When the white horse heard the shooting, it thought it was back in the circus during the Wild West Show. It began dancing and prancing, sitting on it's haunches and raising up it's front legs, jumping around, bowing, curtsying, doing all the tricks it had been taught. In this way it honored its dead master in the only way it knew. All who saw it said that the horse was possessed, wakan, in the spirit way, because it was unhurt even though it had danced through a hail of bullets. The white horse kept dancing for a while after the fight was over and the bloody scene was silent.
Thus Tatanka Iyotake, the great Sitting Bull, and his favorite white horse became part of the legend of our people.

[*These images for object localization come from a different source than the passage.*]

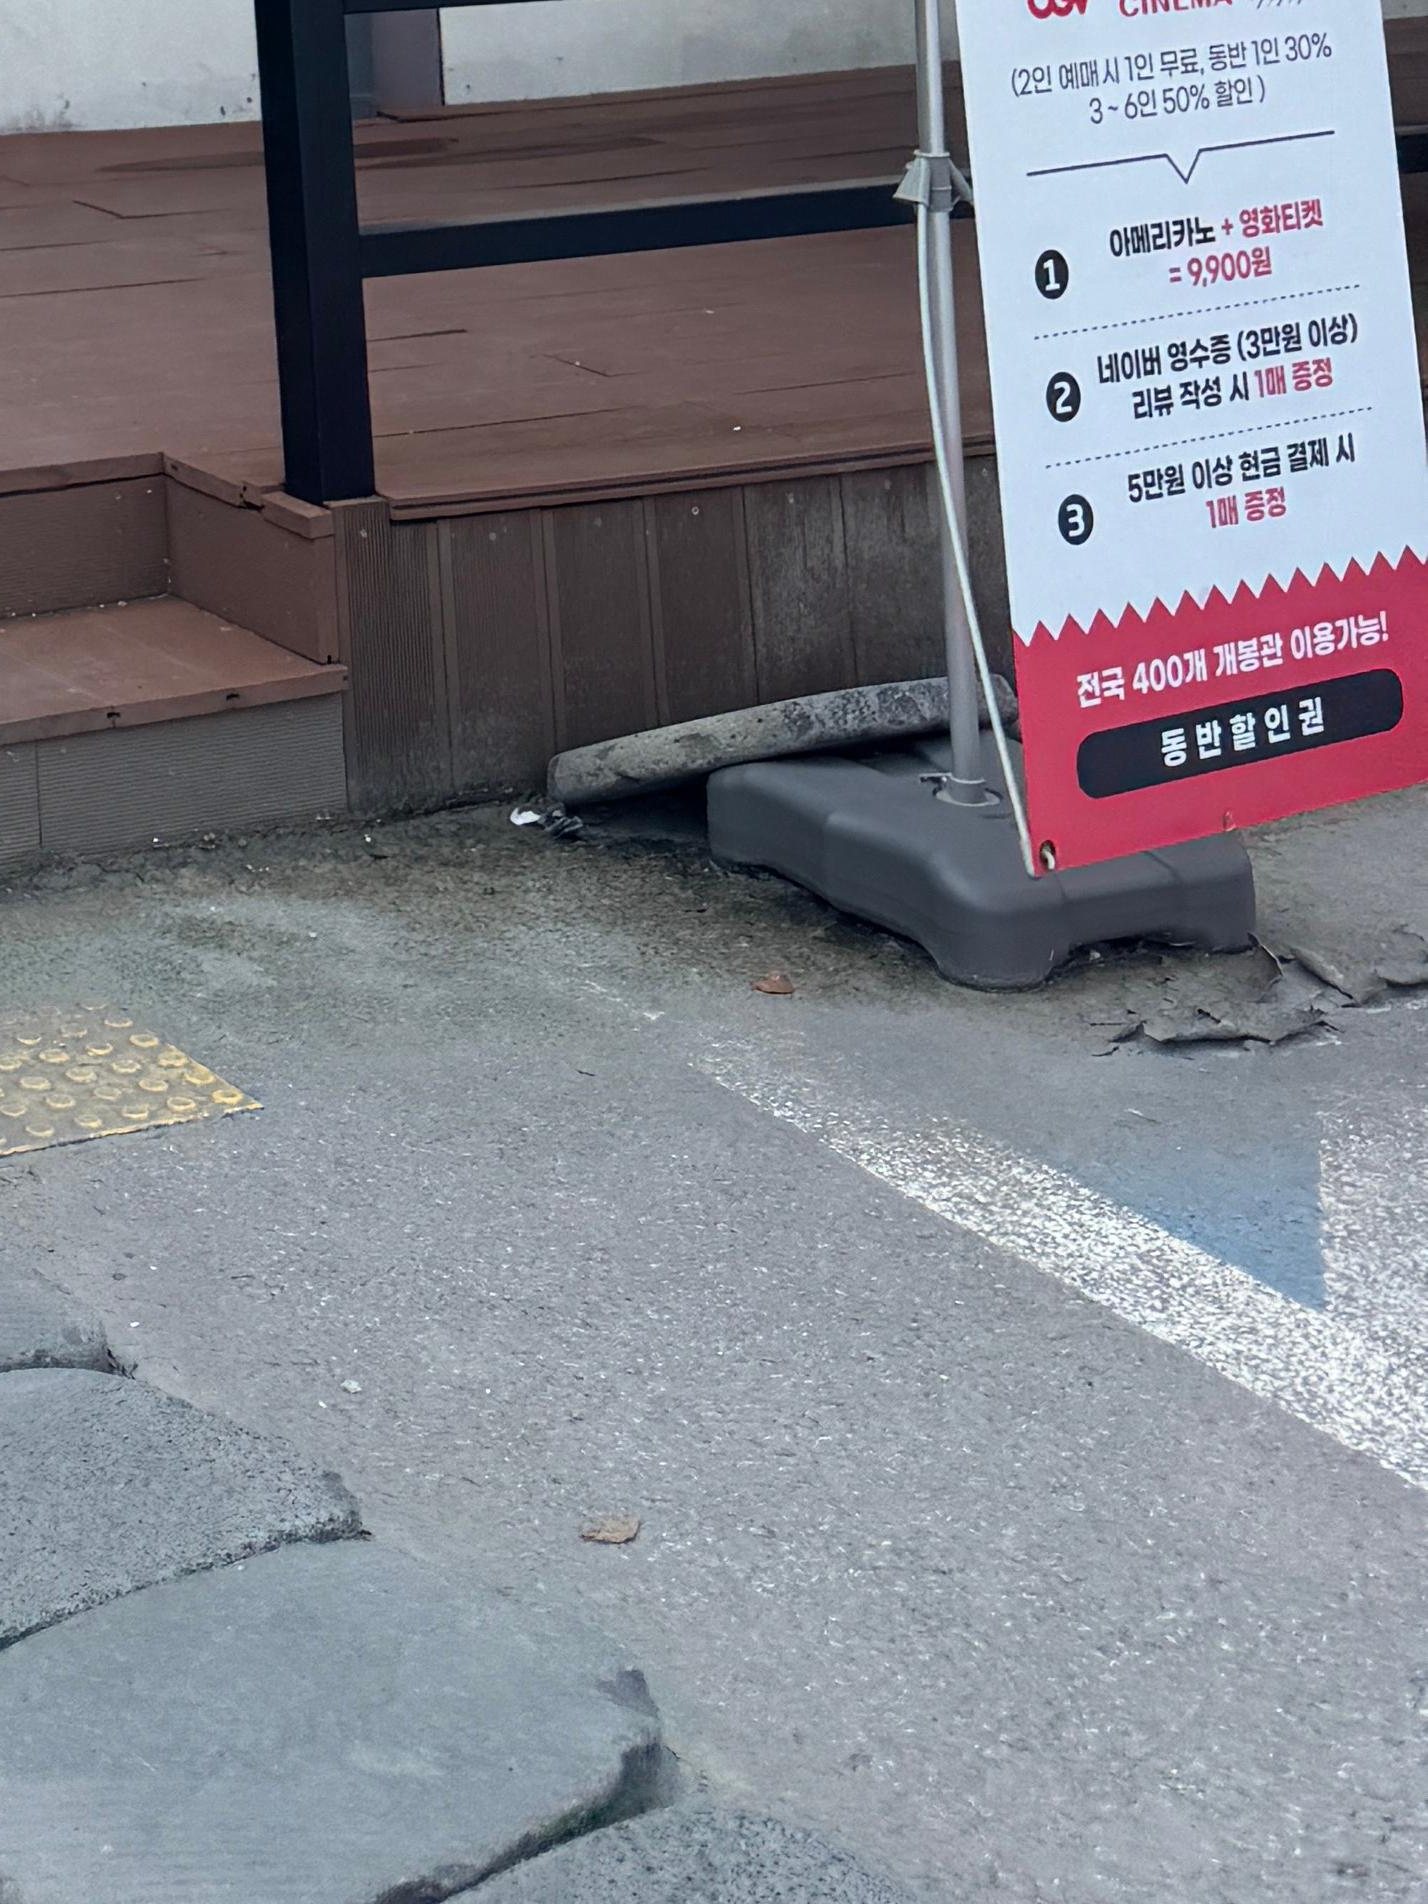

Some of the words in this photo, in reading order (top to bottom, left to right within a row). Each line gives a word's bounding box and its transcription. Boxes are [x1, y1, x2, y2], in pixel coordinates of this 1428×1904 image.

[1011, 66, 1053, 98] (2인
[1058, 60, 1100, 91] 예매
[1102, 57, 1121, 86] 시
[1123, 53, 1155, 82] 1인
[1159, 47, 1205, 77] 무료,
[1208, 41, 1247, 70] 동반
[1250, 36, 1281, 65] 1인
[1284, 31, 1333, 62] 30%
[1162, 84, 1210, 115] 50%
[1108, 216, 1217, 258] 아메리카노
[1238, 197, 1325, 239] 영화티켓
[1186, 245, 1273, 288] 9,900원
[1096, 346, 1162, 385] 네이버
[1167, 334, 1232, 373] 영수증
[1236, 321, 1303, 363] (3만원
[1307, 312, 1359, 347] 이상)
[1132, 386, 1174, 420] 리뷰
[1179, 376, 1223, 412] 작성
[1229, 371, 1249, 403] 시
[1254, 365, 1287, 398] 1매
[1291, 357, 1334, 392] 증정
[1127, 464, 1186, 504] 5만원
[1191, 455, 1233, 490] 이상
[1238, 446, 1282, 482] 현금
[1286, 437, 1330, 473] 결제
[1335, 432, 1356, 464] 시
[1205, 496, 1239, 529] 1매
[1243, 487, 1287, 522] 증정
[1076, 667, 1125, 709] 전국
[1132, 648, 1208, 694] 400개
[1213, 632, 1284, 678] 개봉관
[1289, 610, 1389, 661] 이용가능!
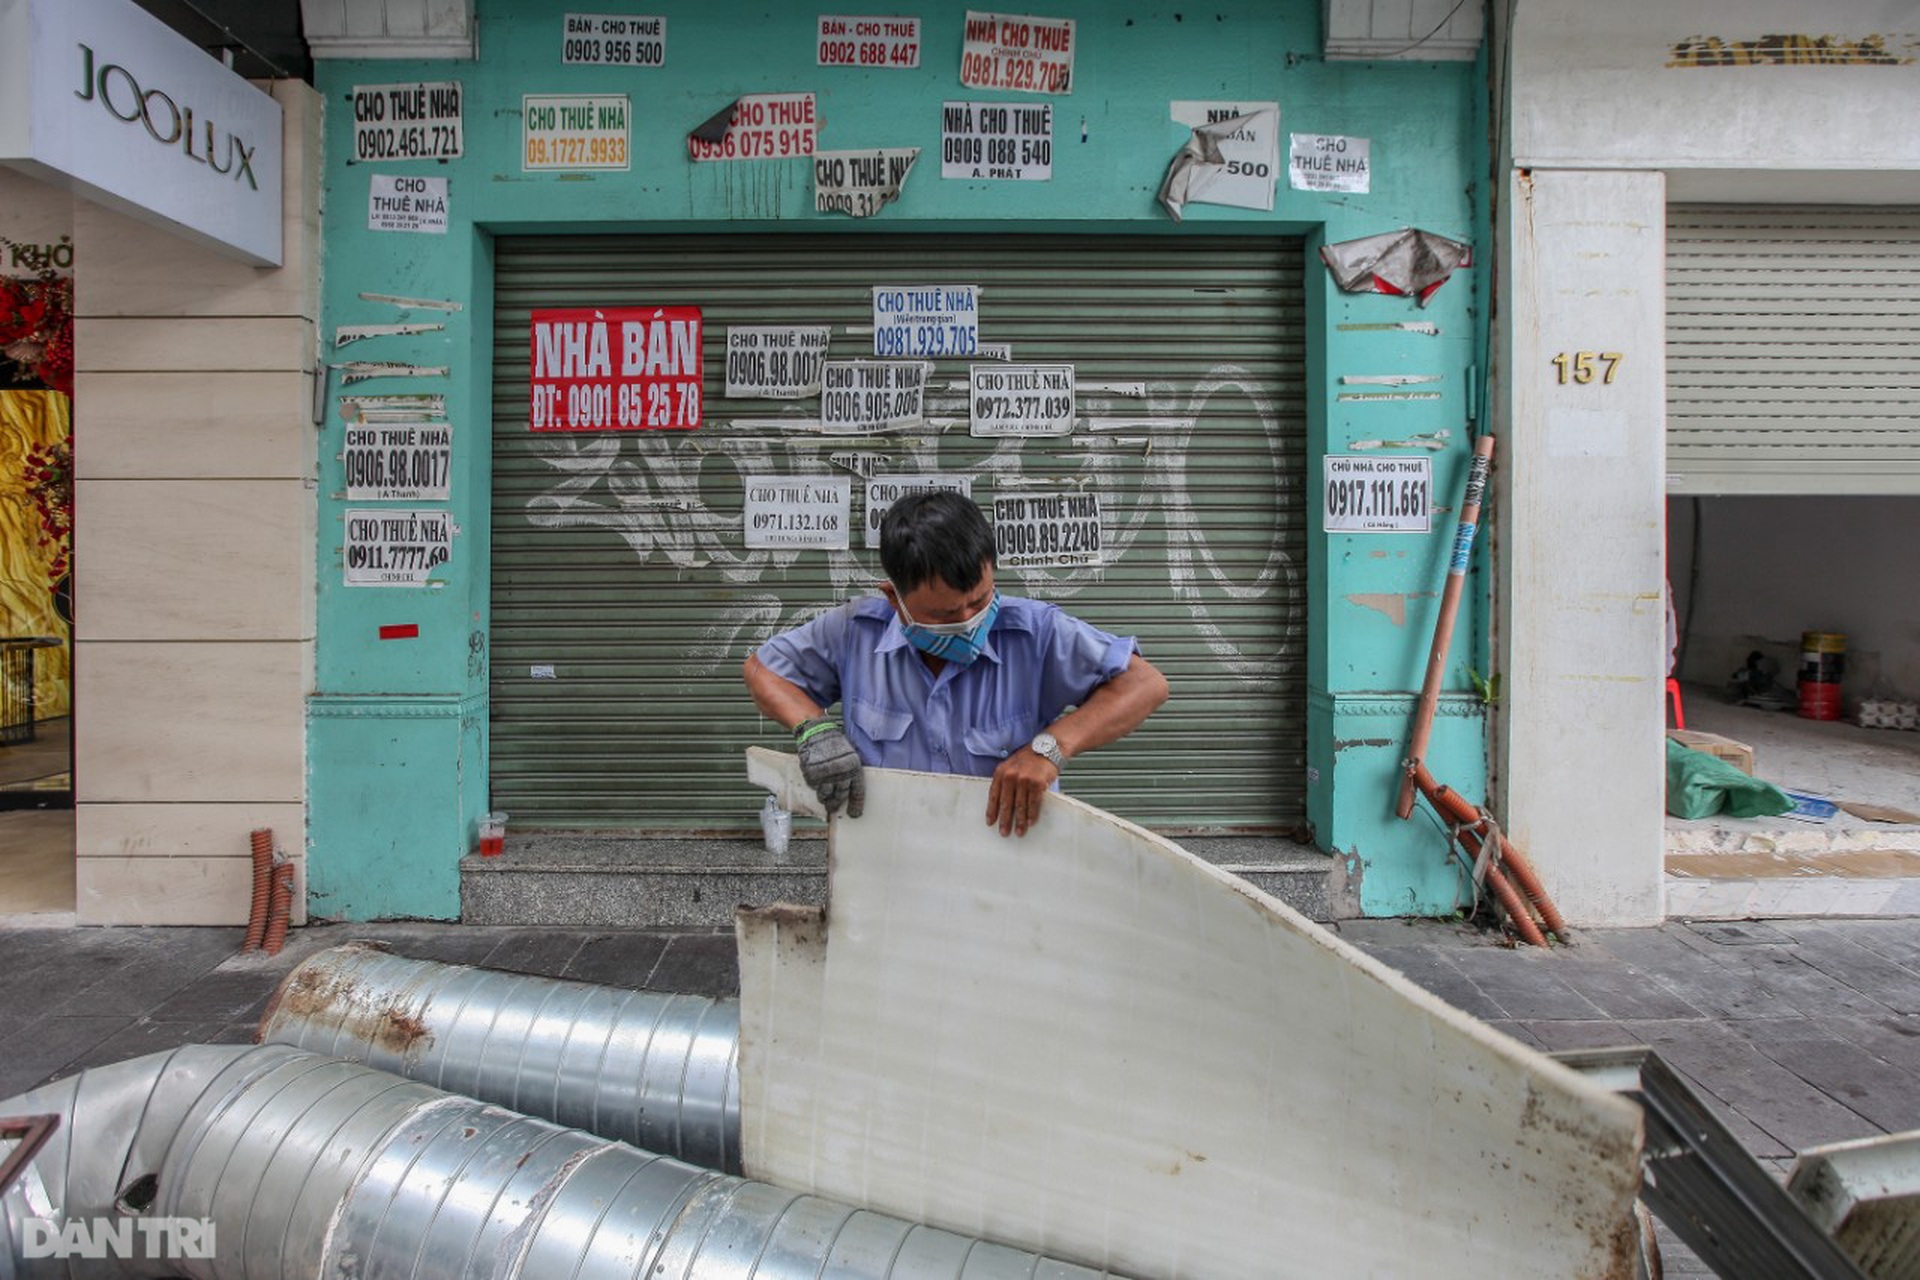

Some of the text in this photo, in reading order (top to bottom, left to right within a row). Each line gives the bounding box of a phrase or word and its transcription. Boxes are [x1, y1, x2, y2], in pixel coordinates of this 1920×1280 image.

[602, 20, 626, 34] CHO
[630, 19, 660, 36] THUÊ
[856, 22, 880, 36] CHO
[884, 21, 915, 37] THUÊ
[966, 14, 1070, 52] NHÀ CHO THUÊ
[566, 39, 662, 64] 0903 956 500
[820, 42, 918, 65] 0902 688 447
[355, 82, 459, 122] CHO THUÊ NHÀ
[529, 101, 624, 130] CHO THUÊ NHÀ
[730, 95, 814, 127] CHO THUÊ
[73, 43, 258, 191] JOOLUX
[944, 103, 1050, 136] NHÀ CHO THUÊ
[358, 125, 459, 158] 0902.461.721
[528, 138, 625, 163] 09.1727.9933
[740, 131, 774, 156] 075
[780, 128, 814, 155] 915
[944, 138, 1050, 166] 0909 088 540
[1316, 138, 1347, 152] CHO
[816, 158, 844, 187] CHO
[848, 150, 885, 187] THUÊ
[1294, 154, 1332, 172] THUÊ
[395, 178, 426, 192] CHO
[373, 195, 410, 212] THUÊ
[878, 288, 974, 312] CHO THUÊ NHÀ
[535, 309, 698, 378] NHÀ BÁN
[730, 331, 828, 347] CHO THUÊ NHÀ
[877, 326, 976, 355] 0981.929.705
[826, 367, 854, 388] CHO
[858, 364, 890, 388] THUÊ
[976, 370, 1070, 390] CHO THUÊ NHÀ
[1552, 352, 1624, 384] 157
[568, 384, 612, 428] 0901
[618, 384, 643, 427] 85
[648, 383, 671, 426] 25
[676, 382, 698, 426] 78
[826, 389, 919, 422] 0906.905.006
[976, 396, 1070, 419] 0972.377.039
[346, 427, 449, 446] CHO THUÊ NHÀ
[346, 449, 449, 488] 0906.98.0017
[1331, 459, 1351, 472] CHỦ
[1353, 460, 1374, 472] NHÀ
[1376, 462, 1396, 472] CHO
[750, 484, 838, 504] CHO THUÊ NHÀ
[870, 484, 898, 501] CHO
[1328, 480, 1426, 516] 0917.111.661
[996, 493, 1098, 520] CHO THUÊ NHÀ
[350, 512, 448, 542] CHO THUÊ NHÀ
[754, 513, 838, 530] 0971.132.168
[997, 522, 1099, 555] 0909.89.2248

* Told by George Eagle Elk at Parmelee, Rosebud Indian Reservation, South Dakota, 1969
In 1890 the messianic ghost dance religion swept the Plains tribes. Originating with a vision of the Paiute prophet Wovoka, and heralded by such signs as a frightening eclipse of the sun, the ghost dance was a religion of despair. It gave hope to a people deprived of their ancient hunting grounds and were starving on the reservations. Ghost dancers performed a special round dance, holding hands and singing ghost dance songs. Their shirts, painted with the images of stars, the moon and sun, and magpies, were supposed to make them bulletproof. Dancers swooned and fell down in a trance. Afterwards they declared that they had been in a beautiful land teeming with buffalo, and that they had met their long-dead relatives. The ghost dance, so Wovoka said, would change the world back into what it was before the white man came.